Sean turned off the burner and dumped boiling water and pasta into a colander to drain. “Fromm and Garrett have known each other since—hell, I don’t know, since they were born maybe. I’m interested in Garrett. Like I said. I’m a reporter.”
“Are you looking for scandal? Dirty little secrets hidden away in dark holes until they grow mold and smell like defeat, that can be brought out in the light and spread before a salivating public.”
“Good Lord, have you been reading Edgar Allan Poe?” He shook the colander and dumped the pasta on a platter, poured sauce over it and put the whole thing on the table.
“Dinner.” He held out a chair for her.
She decided maybe she was hungry after all. “This is really tangled, Sean. I can’t just let you waltz in here and do what you want. You may think it’s funny, but I am the law enforcement in this town. And, if you laugh, so help me God, I will bash you over the head with that wine bottle.”

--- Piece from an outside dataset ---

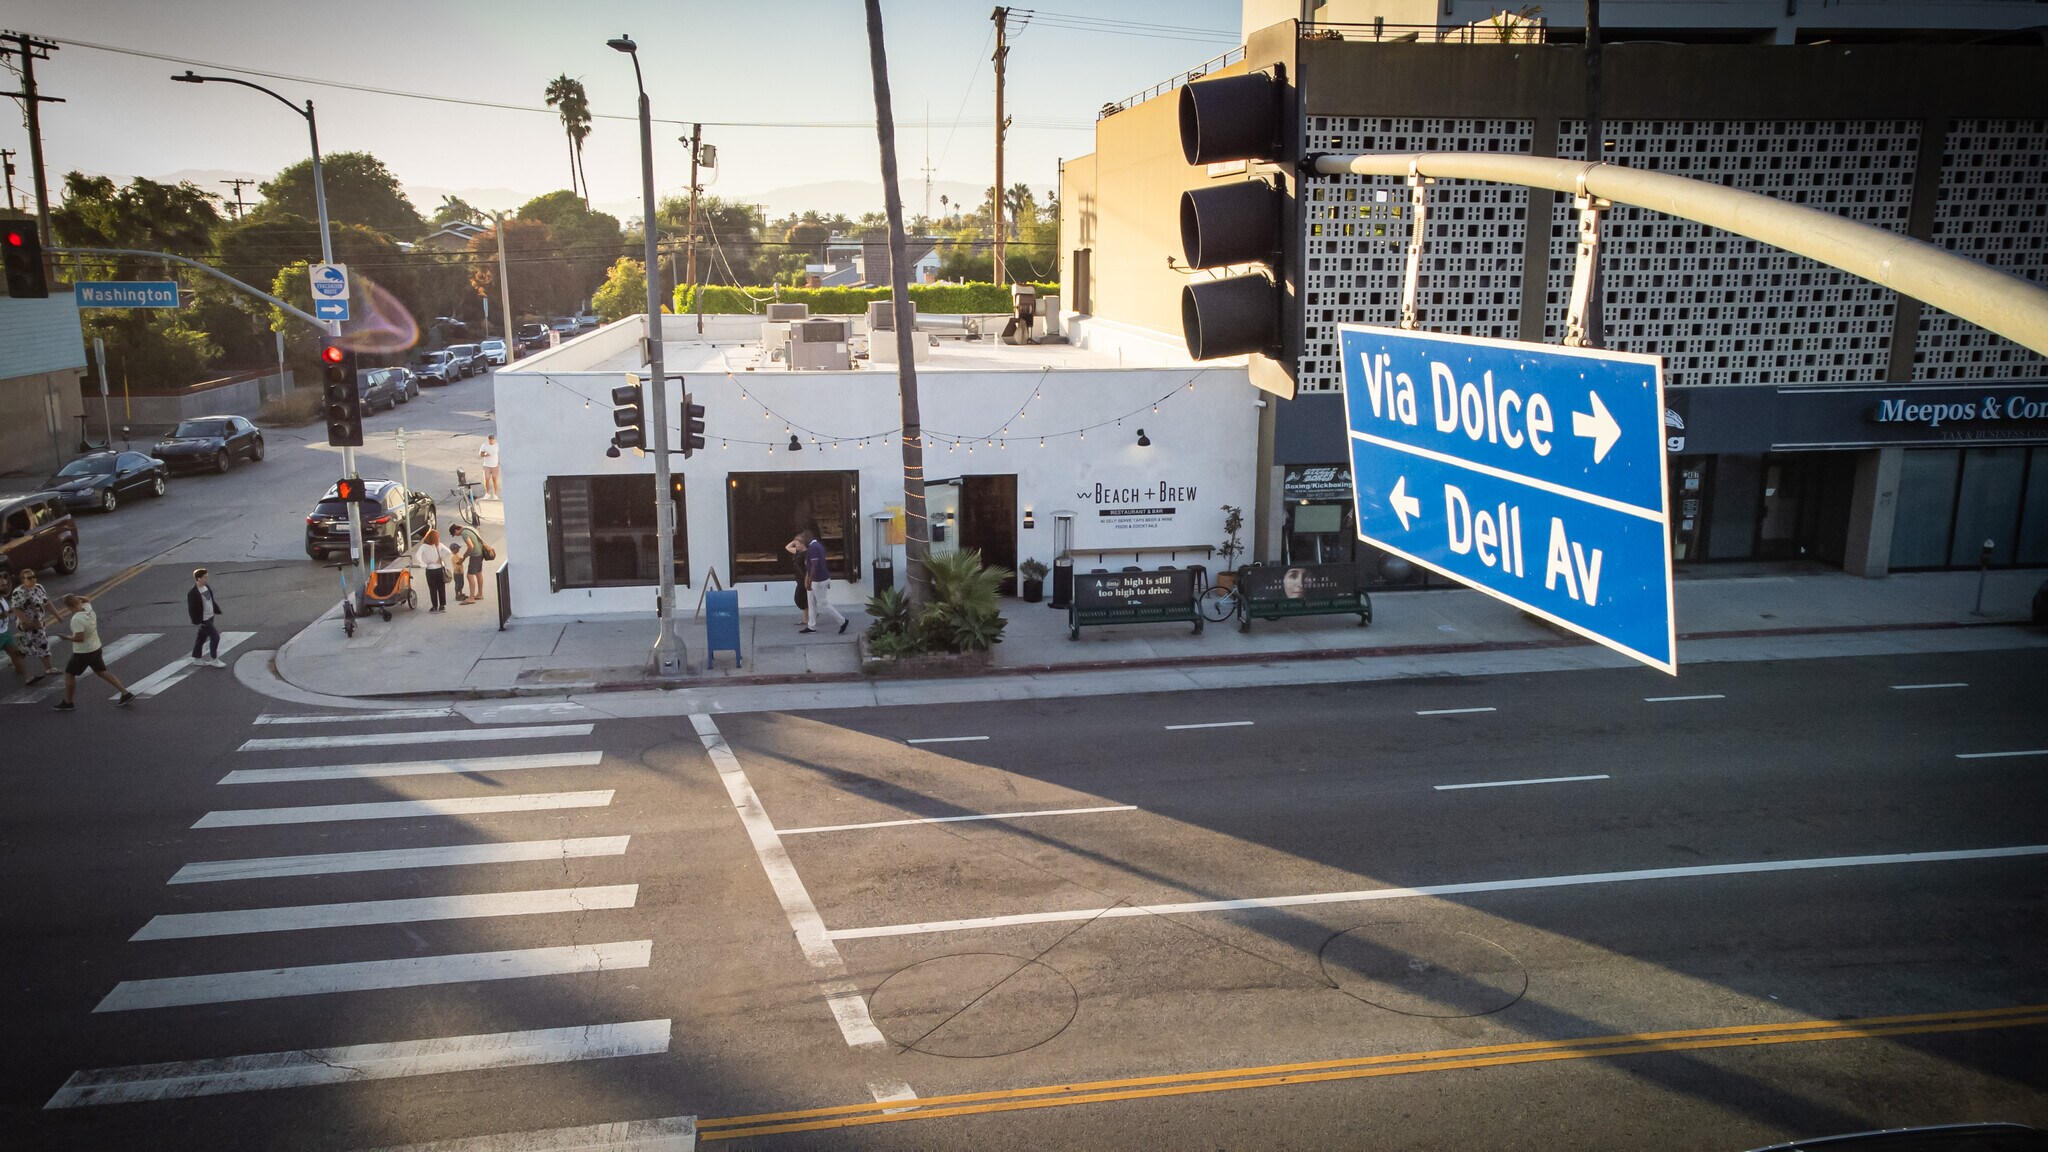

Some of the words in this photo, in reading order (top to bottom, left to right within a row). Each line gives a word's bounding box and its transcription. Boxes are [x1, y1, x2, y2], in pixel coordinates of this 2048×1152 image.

He looked at her with horror. “And spill the merlot? I want you to know I paid—”
“Sean—”
“Sorry.” He twirled linguini around his fork. “When you get all official, I get nervous.”
“Any reason?”
“See?” Pasta securely wrapped around the fork, he took a mouthful, chewed and swallowed. “There you go again. What do you think I did? Killed the woman and poor old Wakely?”
She looked at him. “No.” But Parkhurst didn’t feel that strongly. Cops were always suspicious of the individual who found a homicide victim.
“Then why all this third degree, this where were you when the dog barked in the night?”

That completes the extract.